Are you a collector? If so, is it just an amusing way of passing time – or are you one of those collectors whose interest borders on the fanatically obsessive?

If you’re one of the latter, I do hope your partner shares your interest!

I know that this is probably a pious hope as most wives or husbands of fanatic collectors often display scant interest in their partners’ interests.

I know one wife who confessed to me that, even though she was heartily fed up with her husband’s antique collecting obsession, at least he wasn’t gambling, hitting the bottle or chasing loose women.

As a society we should be thankful to these collectors – although the benefit of their collecting might not materialise for many decades.

When you next visit a museum or art gallery, there is a strong chance that its basic collection was the result of the activities of a serious collector.

Our Victorian ancestors were often avid collectors. Take the display cases of stuffed birds – many of them quite rare – in some of our local museums.

They were on the lookout for any avian rarities – so they could shoot them, get them stuffed and mounted and displayed somewhere in their houses.

Those of us who, in our earlier years, used to visit very elderly relatives will have come across examples of the taxidermist’s art displayed in glass domes – usually perched prominently on one of those immense sideboards much favoured by some Victorians.

And how many museums don’t have cases of butterflies, insects and assorted smaller animals?

Private collections of period costume often found their way into museums. Going round the Victoria and Albert earlier this year, I came across an exhibit of a vintage dress for a young woman – which had been a gift from someone in Workington.

The Helena Thompson Museum is the body we usually associate locally with collecting period costume – but obviously the town had also boasted another period costume collector at some time. Who, I don’t know. Another entry for my to be researched file.

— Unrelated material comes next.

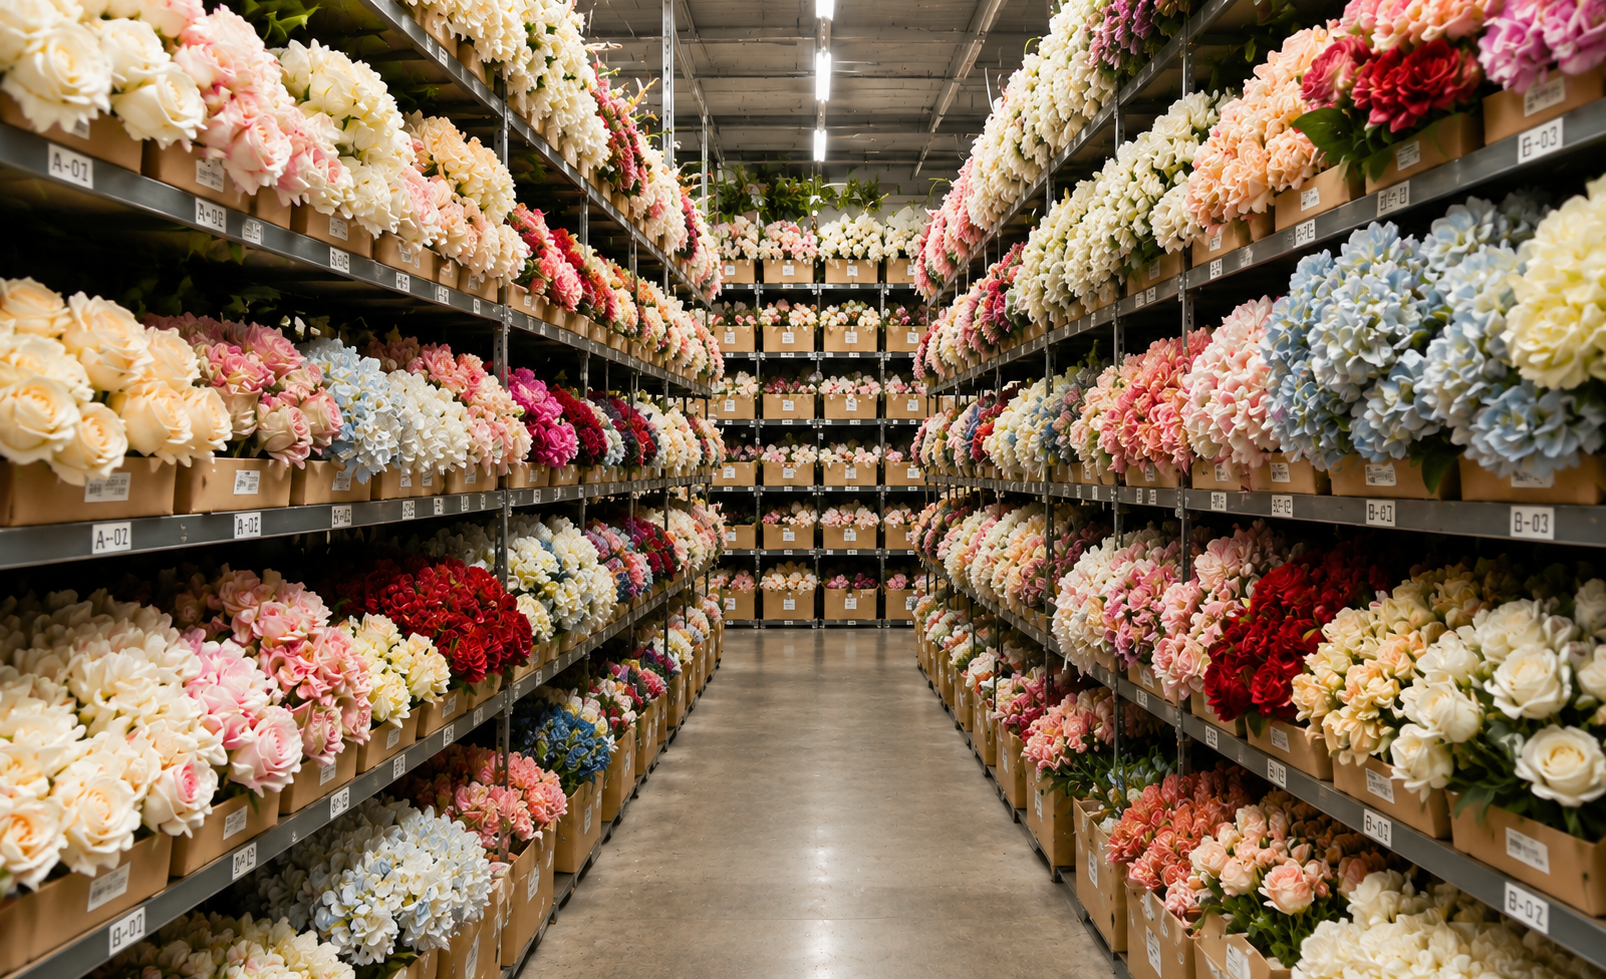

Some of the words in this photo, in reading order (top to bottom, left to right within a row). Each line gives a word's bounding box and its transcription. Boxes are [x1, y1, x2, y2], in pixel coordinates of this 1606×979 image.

[1514, 511, 1549, 534] B-03
[95, 527, 129, 550] A-02
[1508, 890, 1544, 927] B-02

What you soon realise is that you can collect almost anything.

Many years ago I came across the Writing Equipment Society. I was interested in collecting old fountain pens at the time. Only one problem, I was much too late in the game and serious collecting would have been a prohibitively expensive undertaking.

After talking to a member of the society, I realised that I could, like a great many other people, have interested myself in other aspects of writing technology.

I could have collected examples of something many of us had to use in our school days – the dip pen.

Now doesn’t that, if you’re a certain vintage, take you back? Back to being sat at a desk with an inkwell!

Some purists maintain that you can write more legibly with an ink pen than with a Biro. This, for me, was clearly an exercise in wishful thinking.

I could not get excited about collecting dip pens. Nor was I interested in collecting tin nib boxes. And I was most certainly not going to collect blotting paper – antique or otherwise.

Blotting paper was invented in America in 1856 – by Joseph Parker. I have no doubt that, since then, it has developed greatly. One thing puzzles me, where do the collectors get hold of old blotting paper?

It’s a query I’m not going to attempt to answer – because if I did I could well get too interested in the subject – and a blotting paper enthusiast is something I most certainly do not want to be.

Nor do I want to be someone who walks with a stick. Even though my knees do creak a bit, I don’t need one. But I was in a charity shop recently and clapped eyes on a collection of walking sticks which were obviously designed for people with walking difficulties. So I bought one – very cheaply. It was very much a just-in-case purchase.

Half listening to the radio I heard mention of a walking stick society. Intrigued, I Googled it.

I didn’t find it – but I did come across entries for The Antique Cane Society and for the International Society of Cane Collectors which is holding a conference – entitled Canemania – in Geneva this month.

Antique cane collecting is obviously a flourishing activity. What about the Walking Stick Society?

It turns out that a walking stick is a phytophagon – an exotic insect. The society, based in England, is concerned with the survival of the species.

So where can I buy any antique canes – cheap? More interesting than old pen nibs!